The Year of Living Famously by Laura Caldwell is about Kyra, an aspiring clothes designer, and her husband, Declan, an actor whose career takes both him and Kyra into the world of celebrity.
This is a book I picked up when I was a teenager and thought I needed to move away from young adult fiction. These aren’t the types of books I’d describe as being my typical type, more something that I read in summer when it’s too hot to read anything serious. I enjoyed Caldwell’s writing and thought she does well to demonstrate the pressures of fame, including the loss of privacy. Kyra and Declan begin to suspect a member of staff is leaking stories to the press, they way they confront their staff and the consequences of this atmosphere of mistrust is brilliantly believable.
One of the most convincing characters in the novel is Amy Rose, a stalker who believes she is in a relationship with Declan.

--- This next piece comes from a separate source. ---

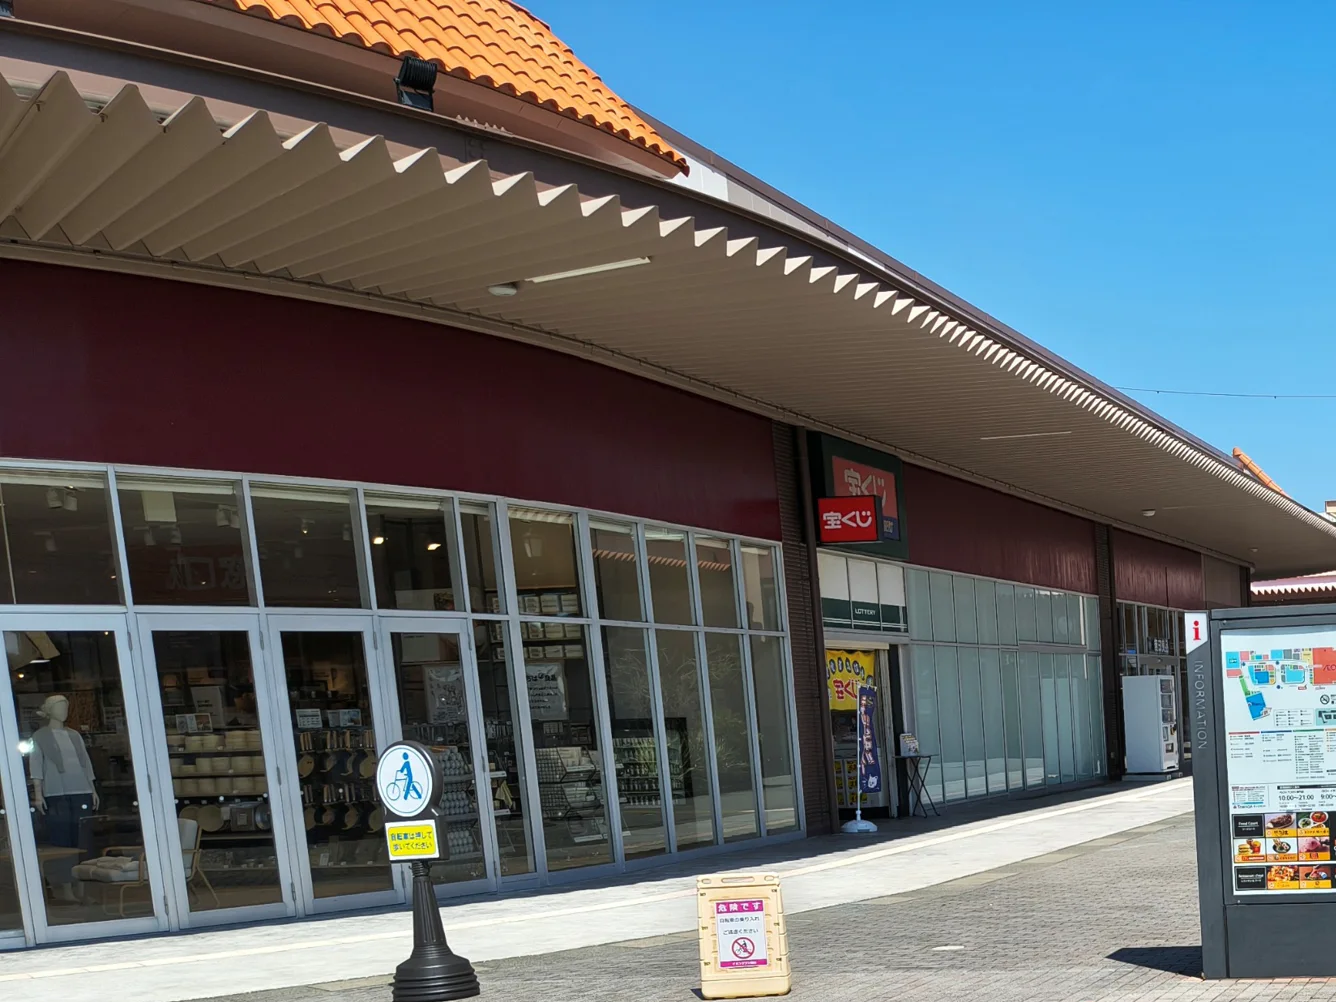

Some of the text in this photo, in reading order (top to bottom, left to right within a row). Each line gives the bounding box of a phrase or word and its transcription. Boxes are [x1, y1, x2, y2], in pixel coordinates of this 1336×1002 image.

[822, 511, 873, 530] 宝くじ
[854, 607, 876, 616] LOTTERY
[1194, 660, 1208, 749] INFORMATION
[718, 902, 761, 912] 危険です

When Kyra and Declan travel to Ireland to visit his family she even refers to them as ‘our family’. Although this plotline reached a resolution a little too easily for me it did add a needed edge to the story.
Caldwell also attempts to show how Declan’s growing stardom results in him being away for work more and more often, and how this affects the marriage. However, I wasn’t too invested in the marriage in the first place – which is problematic as their relationship is the central plot point. There was something about Kyra and Declan that I didn’t feel was believable. They get married fast, but then my own parents got engaged after knowing each other 6 weeks so I’m not against that. Some of their interactions were a bit too polite, perhaps, and the fact they spent little time together didn’t help to create a believable, strong relationship.
One of the drawbacks when I reread it was that it hasn’t aged particularly well. Whilst the story still applies today, the novel (published several years ago now) and its depiction of life in the fast lane isn’t on par with the even faster life of celebrity today. With no twitter or snapchat it feels aged, rather than being transported back a few years. After all, wouldn’t Kyra be posting images of her new designs on Instagram and staying up at night to read the comments, getting upset when someone was negative?
The novel is good, but it wouldn’t be the first thing I recommend to a friend. Partly due to my personal genre preferences, but also due to the way it has aged. Overall, it was a good read, but did remind me a little of some of the more recent Shopaholics (or perhaps that should be the Shopaholics reminded me of TYOLF), and I personally prefer Kinsella’s humour and character creation.